Feel free to view the PyCharm installation guide for the required libraries.


Add the following code to the top of each code snippet. This snippet will allow the code in this article to run error-free.

import pandas as pd 
from bs4 import BeautifulSoup
import xml.etree.ElementTree as ET
import base64, xml.dom.minidom
from xml.dom.minidom import Node

💡 Note: The additional libraries indicated above do not require installation as they come built-in to Python.


Method 1: Use Beautiful Soup

A clean, compact way to read an XML file is to use Python’s Beautiful Soup library. A “go-to” tool for web scraping and XML data extraction.

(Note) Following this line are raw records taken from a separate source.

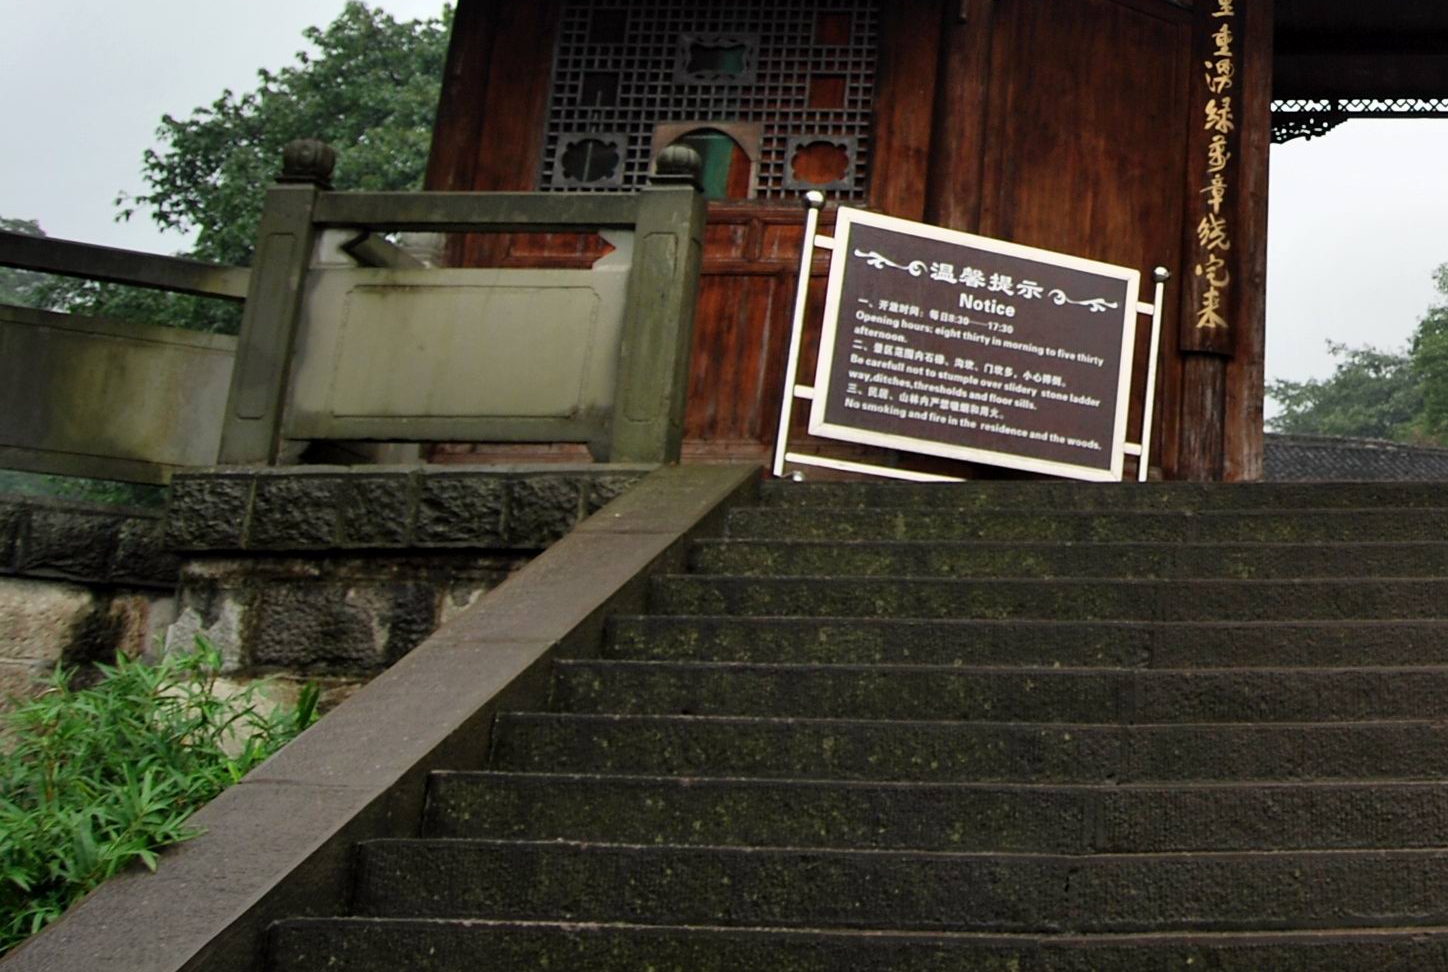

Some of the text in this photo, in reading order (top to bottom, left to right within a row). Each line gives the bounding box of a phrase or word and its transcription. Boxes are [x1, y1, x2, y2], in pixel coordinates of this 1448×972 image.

[930, 262, 1044, 299] 温馨提示
[958, 292, 1016, 318] Notice
[853, 325, 909, 344] afternoon.
[855, 309, 900, 329] Opening
[934, 326, 962, 341] eight
[962, 330, 991, 346] thirty
[991, 335, 1002, 347] in
[1003, 340, 1044, 356] morning
[1045, 347, 1057, 356] to
[1057, 348, 1076, 361] five
[1076, 352, 1105, 368] thirty
[849, 353, 864, 365] Be
[905, 365, 924, 376] not
[924, 368, 937, 379] to
[980, 379, 1003, 390] over
[1040, 389, 1069, 403] stone
[1068, 393, 1102, 408] ladder
[968, 391, 988, 402] and
[988, 393, 1014, 406] floor
[844, 397, 861, 410] No
[861, 402, 908, 419] smoking
[907, 410, 929, 422] and
[928, 412, 948, 425] fire
[947, 415, 959, 427] in
[959, 417, 978, 430] the
[980, 422, 1029, 439] residence
[1028, 430, 1050, 442] and
[1049, 433, 1066, 445] the

all_books = BeautifulSoup(open('books.xml'), 'xml')
pretty_xml = all_books.prettify()
print(pretty_xml)
  • The books.xml file is read and parsed using Beautiful Soup’s XML parser. The results are saved to all_books.
  • Next, Beautiful Soup’s prettify() method is used to improve the appearance of the output.
  • Finally, the formatted output is sent to the terminal.

Output (snippet)

<?xml version="1.0"?>
<catalog>   
<book>     
<isbn>978-0393050714</isbn>
      <title>Johann Sebastian Bach</title>
      <price>$5.99</price>
   </book>
......
</catalog>

Method 2: Use XML eTree

The ElementTree library is built-in to Python and contains functions to read and parse XML and XML-like data structures. The hierarchical data format is based on a tree structure: a root representing the tree and elements representing the nodes.

all_books = ET.parse('books.xml').getroot()

for b in all_books.findall('book'):
    print ("{:<20} {:<30} {:<30}".format(b.find('isbn').text, 
                                         b.find('title').text, 
                                         b.find('price').text))
  • The books.xml file is read in and parsed using the eTree parse() function. The results are saved to all_books.
  • Next, a For loop is instantiated. It traverses through each book in all_books.
    • Each book’s details are formatted into columns and output to the terminal.

Output (snippet)

978-0393050714Johann Sebastian Bach$5.99
978-1721260522Ludwig van Beethoven$9.99
978-0679745822Johannes Brahms$7.99
979-8653086533Frederic Chopin$7.99
978-1580469036Claude Debussy$13.99

Method 3: Use minidom

Minidom is a smaller version of DOM and comes with an API similar to other programming languages. However, feedback indicates this method is slow and a memory hogger.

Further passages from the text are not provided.